Monday, December 7, 2009

Jolly

It's a strange word.

That's the only segue I could think of. Christmas is here. Talk all you want about "the holidays," put those light-up Menorahs on the dashboard and cut the mistletoe at Stonehenge, but that's all part of the politeness conspiracy because December is still. All. About. Christmas. (In the Western world.
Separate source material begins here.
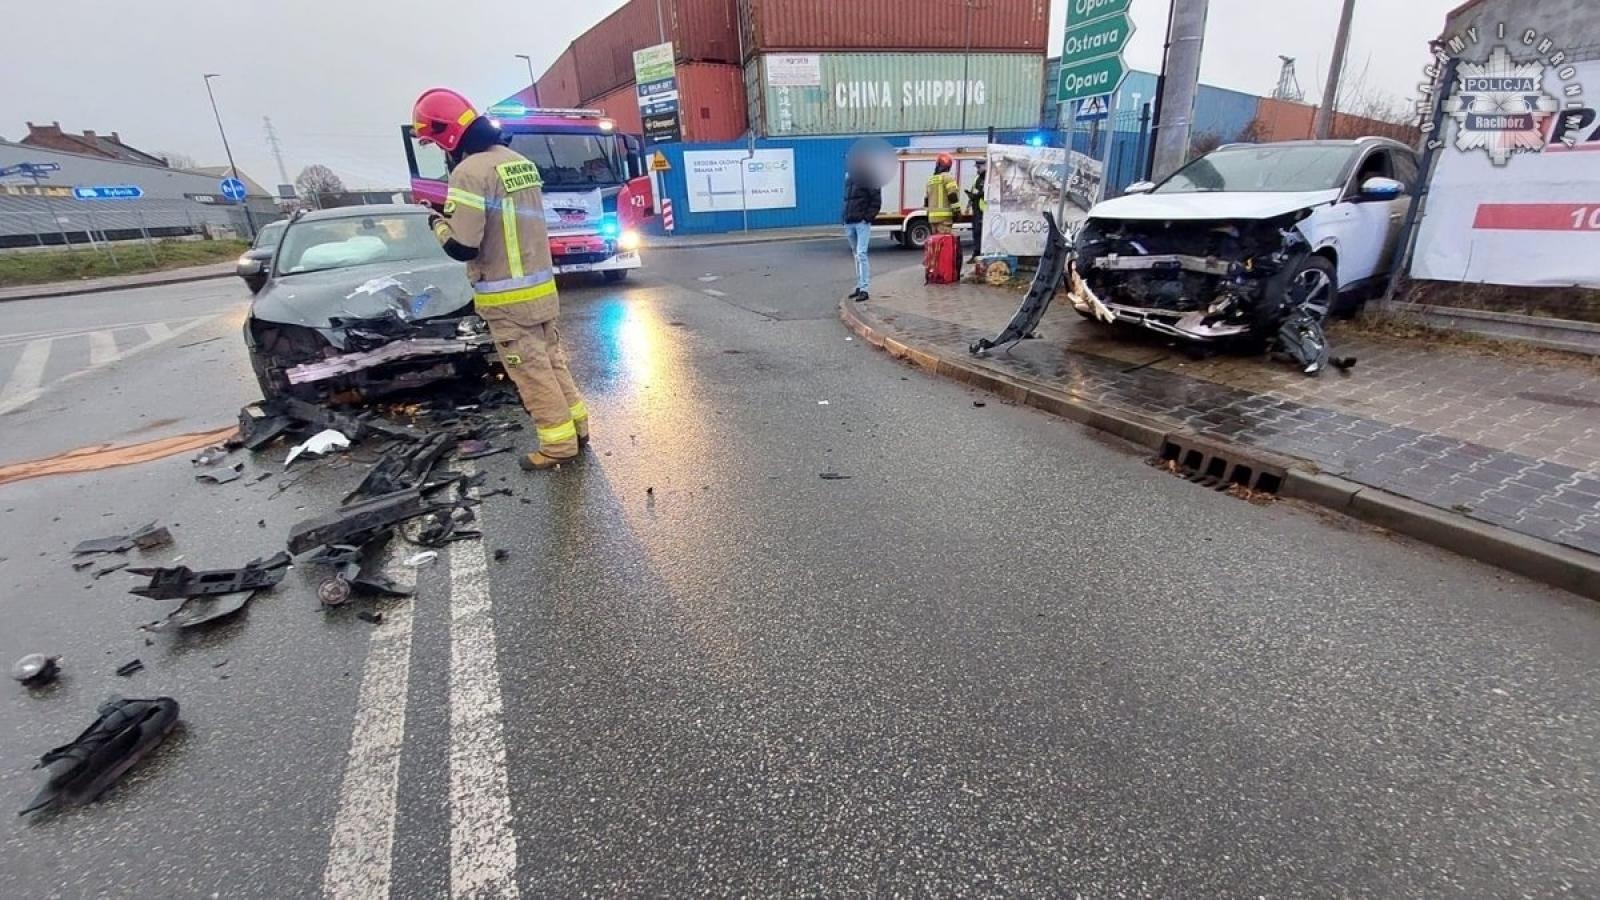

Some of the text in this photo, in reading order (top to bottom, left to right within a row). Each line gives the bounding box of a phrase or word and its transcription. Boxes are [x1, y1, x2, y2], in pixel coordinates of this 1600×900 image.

[1066, 29, 1119, 54] Ostrava
[836, 80, 985, 108] CHINA SHIPPING
[1065, 71, 1109, 94] Opava
I don't think Iran is gonna have a tree lighting ceremony this year.)

Here are some things I know:

Jesus was most likely born in April, not December.

The Christians appropriated many pagan festivals, most notably Saturnalia, when developing Christmas.

Most cultures in the world have some sort of celebration around the winter solstice because hey, the sun doesn't seem to be around as much this time of year, should we be worried?

Here are some other things I know:

Stores put out the Christmas decorations on Halloween.

All but the most militant of non-Christian families need at least one picture of their kid in Santa's lap.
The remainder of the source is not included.